- _What you are asked to do_: The records below hold pictures; please leave those out and retype the rest exactly.

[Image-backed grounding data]
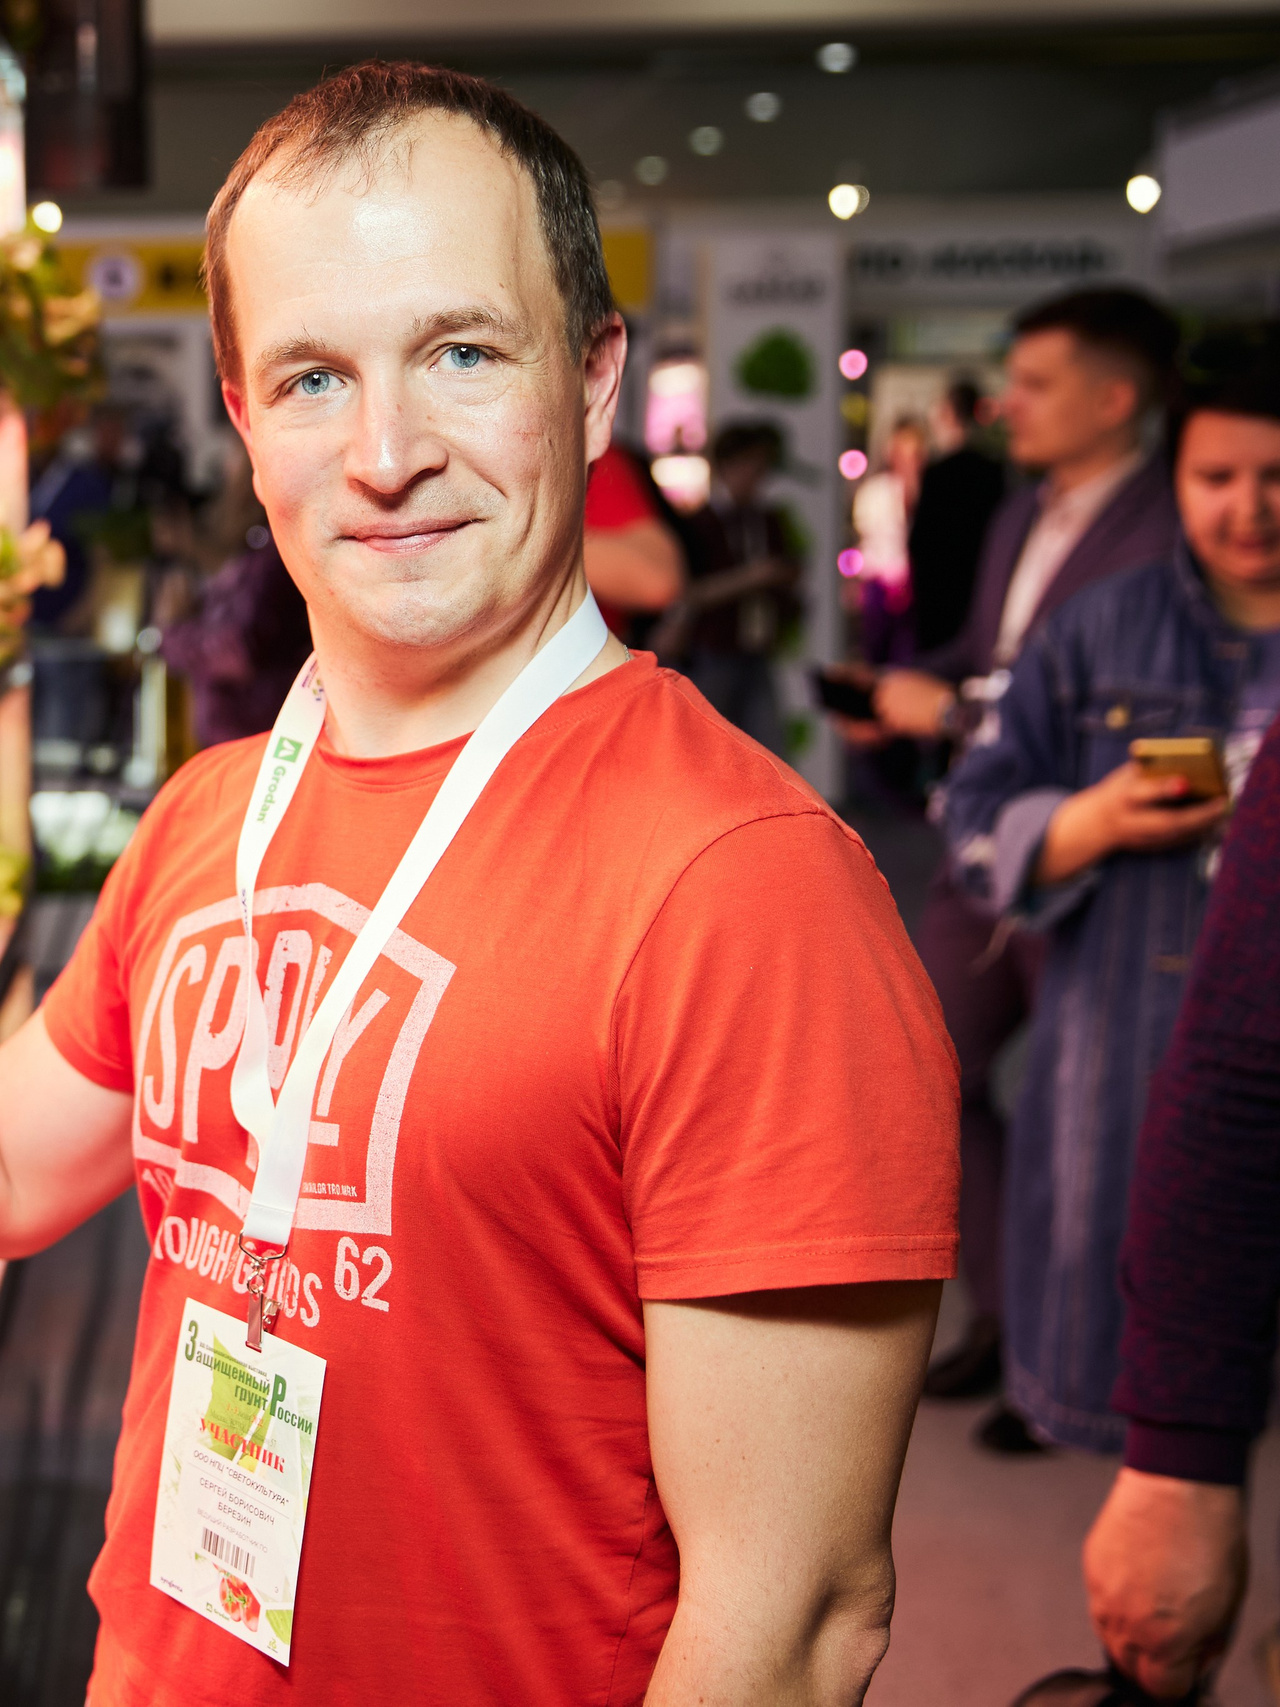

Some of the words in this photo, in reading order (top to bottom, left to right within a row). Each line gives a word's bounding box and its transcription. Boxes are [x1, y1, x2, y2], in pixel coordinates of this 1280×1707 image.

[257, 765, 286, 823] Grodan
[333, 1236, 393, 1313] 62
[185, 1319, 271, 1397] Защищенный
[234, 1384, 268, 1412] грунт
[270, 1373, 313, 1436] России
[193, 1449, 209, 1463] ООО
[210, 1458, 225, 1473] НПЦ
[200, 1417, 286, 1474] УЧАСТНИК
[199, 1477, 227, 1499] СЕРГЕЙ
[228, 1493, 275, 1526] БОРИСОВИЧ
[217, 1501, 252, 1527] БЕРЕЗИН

- _Response box_:
Some of the words in this photo, in reading order (top to bottom, left to right within a row). Each line gives a word's bounding box and its transcription. Boxes are [x1, y1, x2, y2], in pixel coordinates of this 1280×1707 image.

[257, 765, 286, 823] Grodan
[333, 1236, 393, 1313] 62
[185, 1319, 271, 1397] Защищенный
[234, 1384, 268, 1412] грунт
[270, 1373, 313, 1436] России
[193, 1449, 209, 1463] ООО
[210, 1458, 225, 1473] НПЦ
[200, 1417, 286, 1474] УЧАСТНИК
[199, 1477, 227, 1499] СЕРГЕЙ
[228, 1493, 275, 1526] БОРИСОВИЧ
[217, 1501, 252, 1527] БЕРЕЗИН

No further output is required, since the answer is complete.